→ WHAT YOU ARE ASKED TO DO
An exact copy of every entry is needed, with the images left out.

→ GIVEN INFORMATION

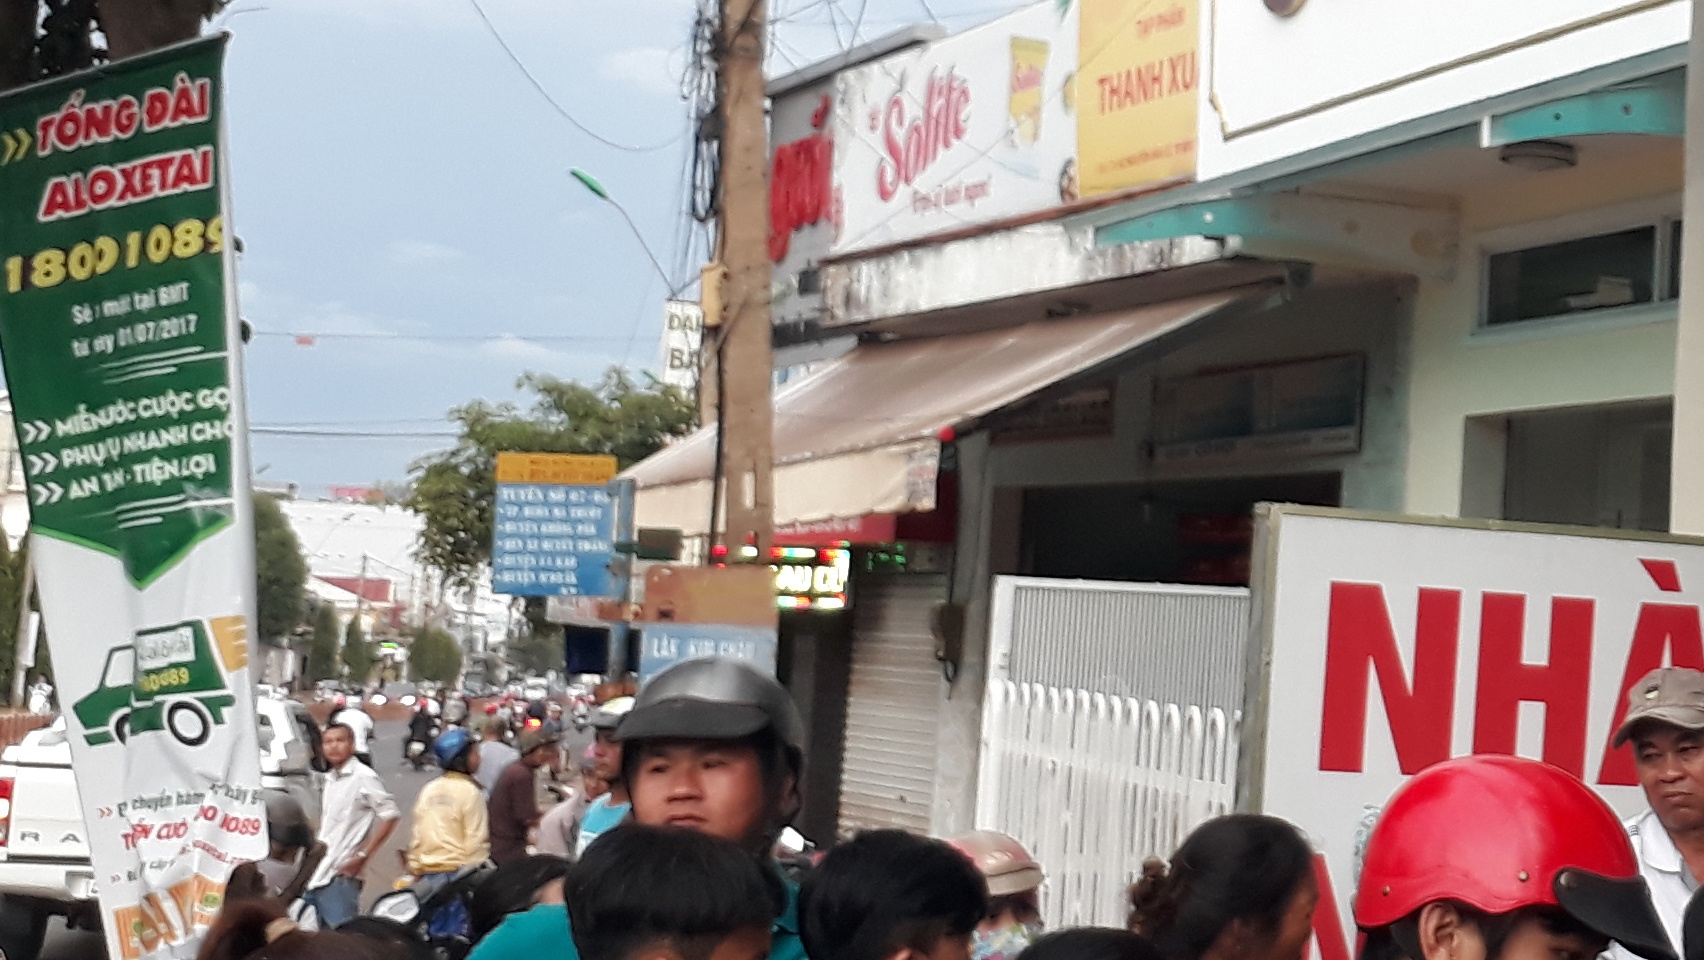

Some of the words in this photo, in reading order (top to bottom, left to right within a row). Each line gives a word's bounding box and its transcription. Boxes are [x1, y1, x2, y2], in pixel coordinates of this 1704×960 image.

[143, 71, 210, 133] ĐÀI
[1097, 58, 1165, 117] THANH
[1167, 50, 1198, 98] XU
[38, 145, 214, 222] ALOXETAI
[138, 389, 195, 419] CUỘC
[197, 387, 230, 411] GỌ
[122, 424, 188, 455] NHANH
[68, 475, 99, 500] AN
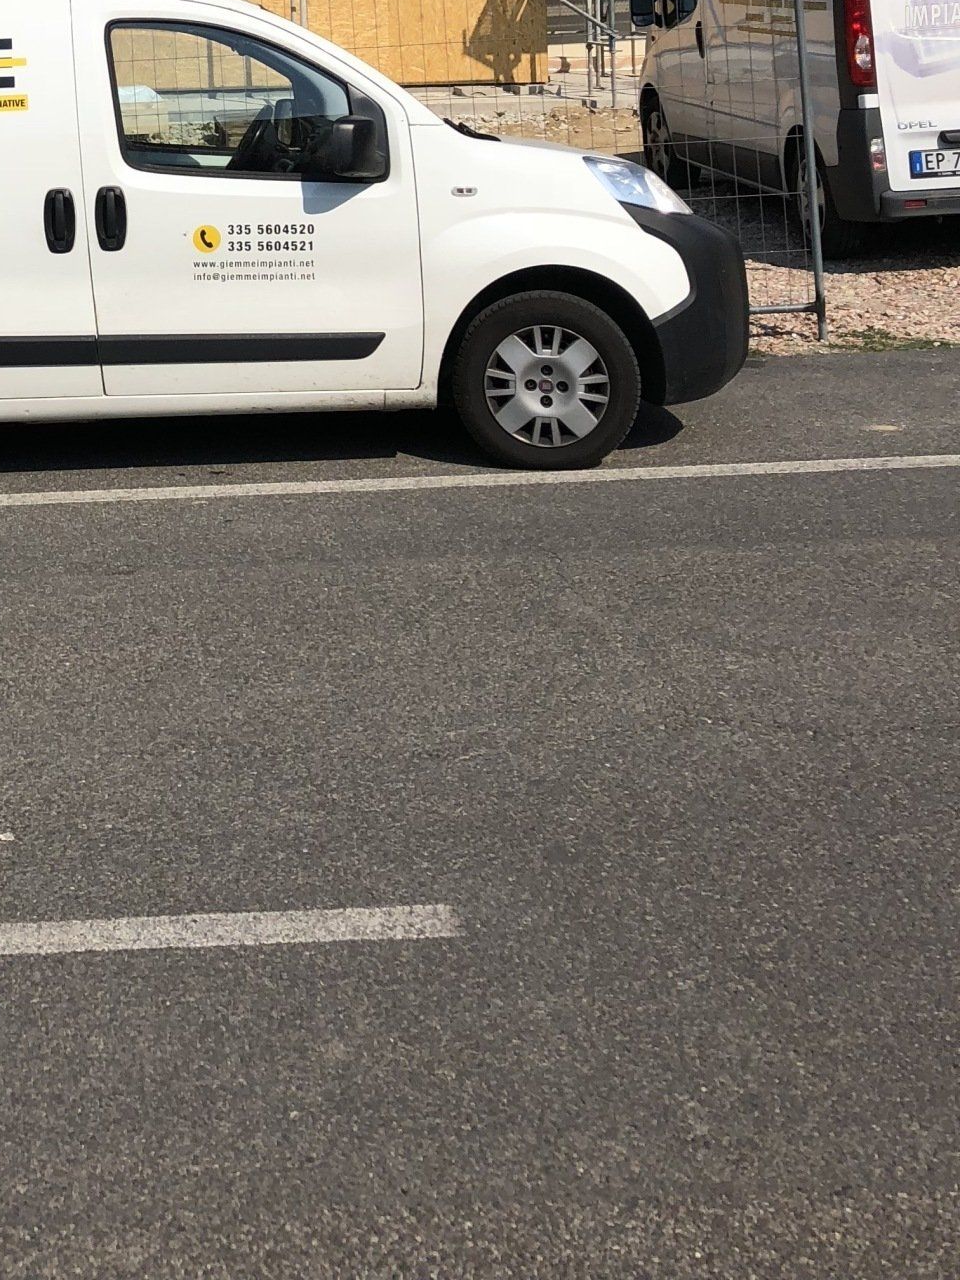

→ ANSWER TO THE PROBLEM
Some of the words in this photo, in reading order (top to bottom, left to right within a row). Each line gives a word's bounding box and its transcription. Boxes are [x1, y1, x2, y2], in pixel coordinates of this 1704×960 image.

[143, 71, 210, 133] ĐÀI
[1097, 58, 1165, 117] THANH
[1167, 50, 1198, 98] XU
[38, 145, 214, 222] ALOXETAI
[138, 389, 195, 419] CUỘC
[197, 387, 230, 411] GỌ
[122, 424, 188, 455] NHANH
[68, 475, 99, 500] AN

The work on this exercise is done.